É preciso trabalho e ter seriedade, sem capitalizar o acaso como já fizeram antes. O elenco encorpou com o retorno de Cícero e, em breve, de Vinícius. É inegável que nosso Gravatinha, criado por Nelson Rodrigues, tem mexido seus pauzinhos, mas jogadores como Edson e Marcos Junior têm dado muito de si e merecem essas vitórias, a par de, por vezes, inusitadas. Nossa próxima partida é contra o Avaí na belíssima Florianópolis. Chega de perder pontos para pequenos. Temos de vencer para ficar na ponta da tabela e mostrarmo-nos dignos de disputar o título, o que ainda não conseguimos.

Daqui por diante, tomara que seja trabalho sem festa, dedicação de conjunto sem promoção pessoal.
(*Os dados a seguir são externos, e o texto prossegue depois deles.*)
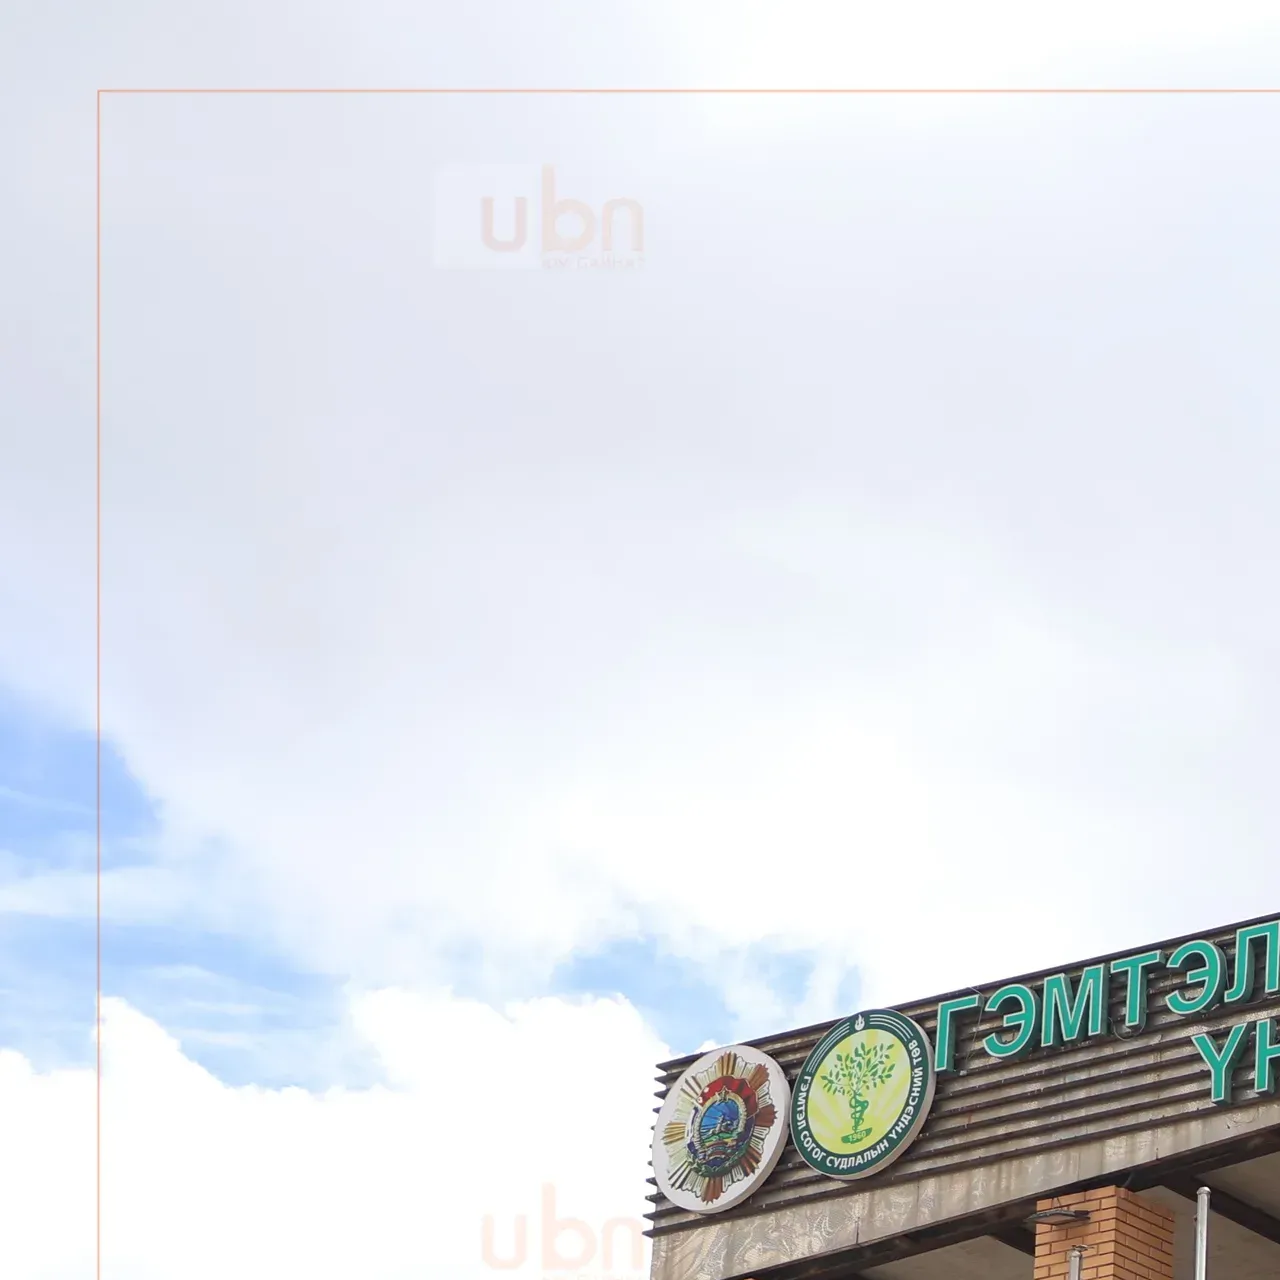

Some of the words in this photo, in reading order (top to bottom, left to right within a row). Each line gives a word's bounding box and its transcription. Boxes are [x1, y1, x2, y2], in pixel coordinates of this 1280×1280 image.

É time na telinha e dirigente no bastidor. Respeitados esses limites vamos mais longe nessa briga.

Sábado que vem a previsão é de sol em Floripa. De Dia dos Pais, pedi a companhia da família para um fim de semana por lá, com direito a jogo do Fluminense. Ótimo programa para os papais tricolores. O vento sul e a água fria atrapalham a praia de Floripa nessa época do ano, mas a cidade é cênica, já nos deu um título de Copa do Brasil e tem excelente gastronomia. Festa garantida fora de campo, se o outro lado trabalhar enquanto nos divertimos, Florianópolis será o melhor lugar do mundo para um tricolor estar no próximo sábado, véspera de Dia dos Pais. Pelo sim pelo não, oxalá nosso Gravatinha use sunga sem perder a linha.

Mário ligou-me já perguntando em tom afirmativo: - vai viajar, né?

- Meu irmão, além de acreditar na vitória, o estádio é tranquilo, o visual é lindo e as ostras são ótimas.

- E o time do Flu?

- Gravatinha neles.

- Com direito à milhagem. Vendemos Walter pro time certo e ele fez gol na hora certa, em São Paulo contra o Palmeiras: Gravatinha! À noite, em Recife, o Cruzeiro que vinha mal tirou dois pontos do Sport. Mantivemos um terceiro lugar com a derrota do Palmeiras e esse empate: Gravatinha, no século XXI, está voando de avião pra ajudar o Flu.

As viagens extenuantes do Gravatinha neste final de semana deixaram-me mais animado para sábado e para o Dia dos Pais. Porém, a festa é só dos pais e da torcida. Gravatinha traz esperança, mas é o trabalho sério, sem festividades antecipadas, que dá a certeza das vitórias. A diretoria não tem motivo pra festa. É trabalho. Então vos digo: trabalhou, ganhou. Não devemos no contentar com ampliação de programa sócio torcedor. A Libertadores é uma meta que tem de ser priorizada. Diretoria não deve aparecer em foto, dela só se deve sentir o cheiro do suor.